The world of Death of an Empath glistens like a glacial urban wasteland, but there is sufficient space for the listener to be pulled in as a possible third character. The songs may not always have obvious literal meanings, but there is an immediately recognisable set of signifiers for the listener – in “Driver”, we’re suddenly immersed in the sound of the car radio from the vehicle we’re travelling in; the melancholic “Happy Song (interlude)” with its’ catchy vocal bop is interrupted by the unexpected modernism of a recorded message dealing with the horrors of Social Security, and Ford closing by cooing over a vamping piano in a spoken word voicemail to a potential lover, then abruptly cut off.

Perhaps this may seem just like clever experimentation, tricks of a sonic magician, but it is in fact vital detail which builds a distinctive vision of some substance. “If It Gets You Through The Day” makes dramatic use of sampling to create tension between the old and the new, with Ford’s vocal gliding over the top; the round of applause on the synth heavy “I Don’t Wanna Be Free” and the abstract female voice on “Baby, Don’t Mourn Too Long” emphasise alienation and intensify the pull towards human warmth.

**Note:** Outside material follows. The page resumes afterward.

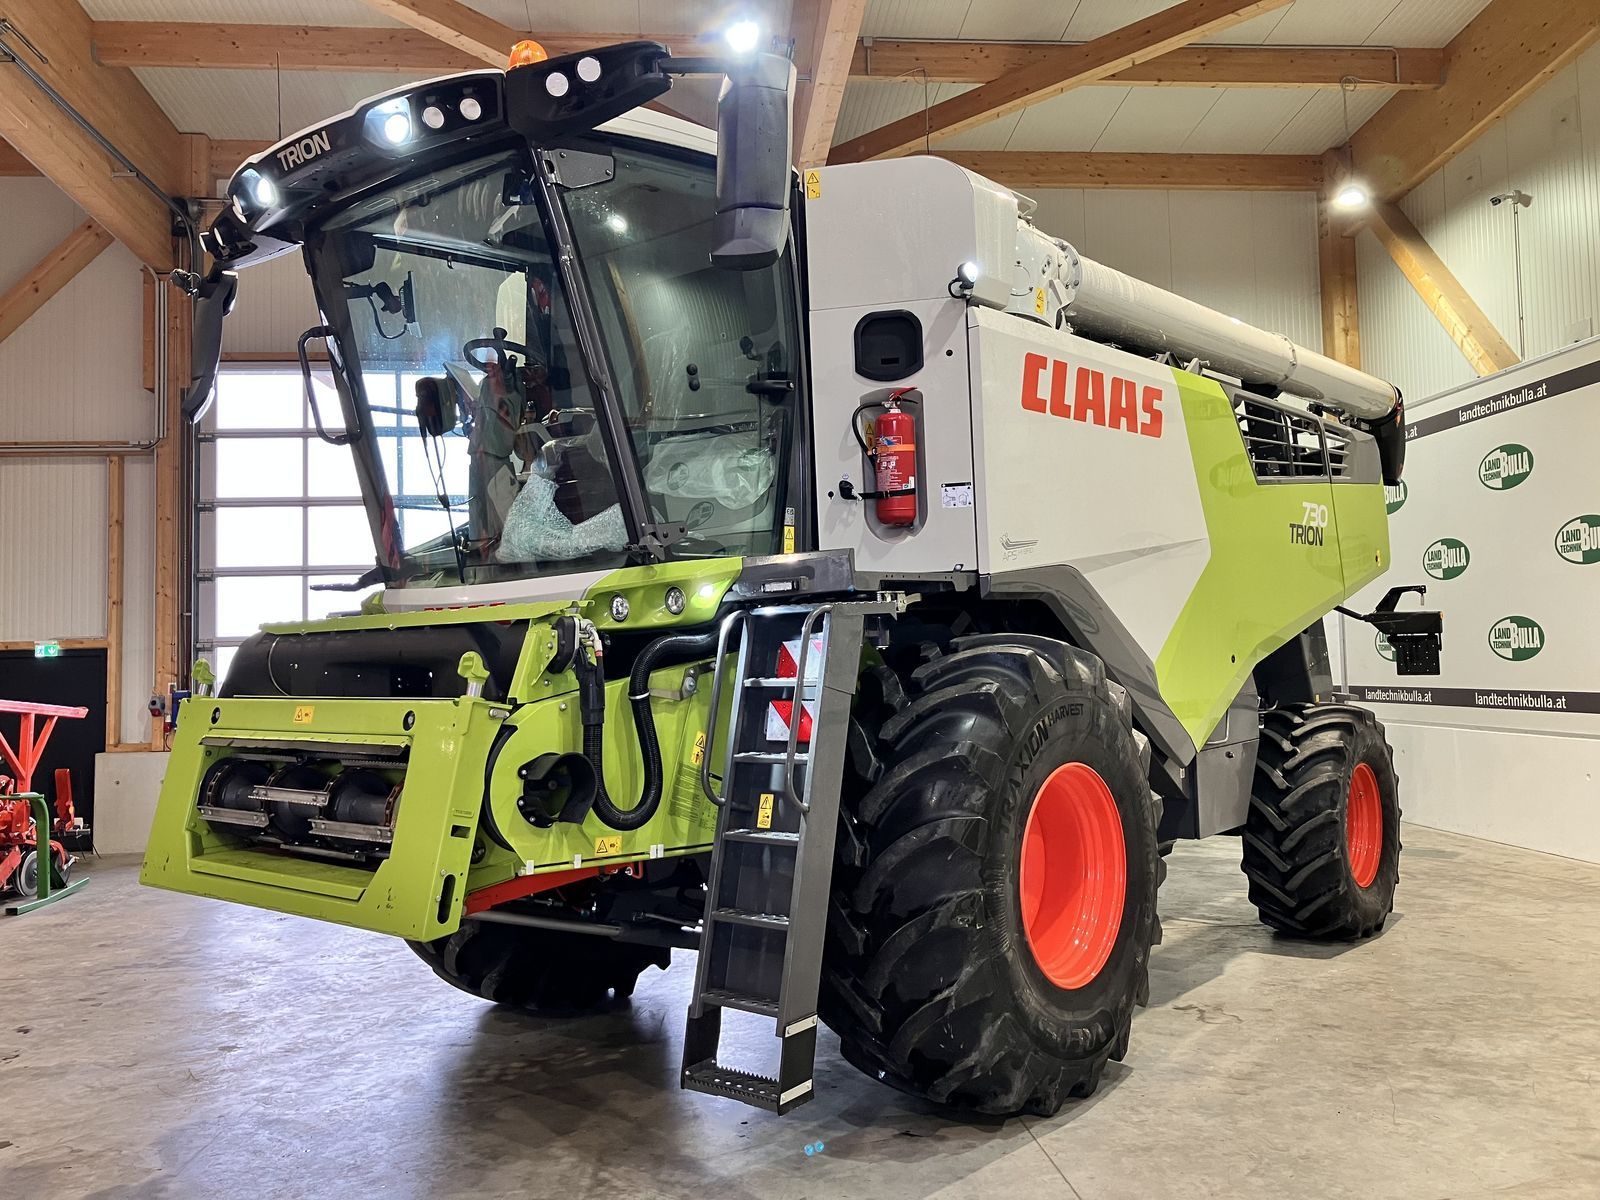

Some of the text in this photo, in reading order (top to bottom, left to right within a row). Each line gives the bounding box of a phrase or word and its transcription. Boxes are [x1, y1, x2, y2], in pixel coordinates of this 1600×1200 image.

As some of the song titles may suggest, there is a quietly anthemic nature to many of the subliminally catchy tracks, with Ford addressing his listeners through the characters. The austere “First Song, Last Song” implores us to “keep it alive”; “RU” asks the question of whether a friendship is real; the duelling vocal of “Steps” insists we’ll be met “out there”. We’re asked to “Meet Me at the Bar”, and in the small town desperation of “Anytown”, Ford calls for “everything you’ve got”. These are demanding, Springsteen-like calls to action familiar to rock fans, updated for the digital age.

The title of the album, Death of an Empath, points to the era of Trump, and popular discourse about what it means to have empathy (or a total lack of it); according to Ford it relates to his attempts to understand “how and why Americans make the choices they make, say the things they say, choose to forget and forget to remember.” The album is therefore meditative as it tries to get to grips with the emotional drivers behind the political choice that had been made; the blind adulation witnessed for the orange-coloured leader is used as a trigger for Ford to tunnel into obsessive love in the minimalist “Red Hat Blues”.

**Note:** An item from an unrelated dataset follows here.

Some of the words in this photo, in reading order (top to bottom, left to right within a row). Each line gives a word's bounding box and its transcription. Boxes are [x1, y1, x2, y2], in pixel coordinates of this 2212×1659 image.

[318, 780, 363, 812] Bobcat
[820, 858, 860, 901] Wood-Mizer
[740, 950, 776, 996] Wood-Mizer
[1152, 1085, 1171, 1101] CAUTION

Ford further says that these songs attempt to “reach out to people and places that might have their backs turned”, and there is a sense overall, as for Nebraska, that these are songs concerned with the disenfranchised and life in the margins – the outsiders’ companionship of “Shrines”, the cool city shuffle of “Golden”, and the grand theft auto of “Meet Me at the Bar”.

Ford has some form as an actor, and Death of an Empath is undoubtedly dramatic, a trippy, adventurous experience into another world; his singing is often exceptional – this is someone who clearly believes in the music, and that belief is soaked into the performances on the album. Distinctively original, and slicker than Crockett and Tubb’s linen suits, Death of an Empath is an engaging and convincing long player.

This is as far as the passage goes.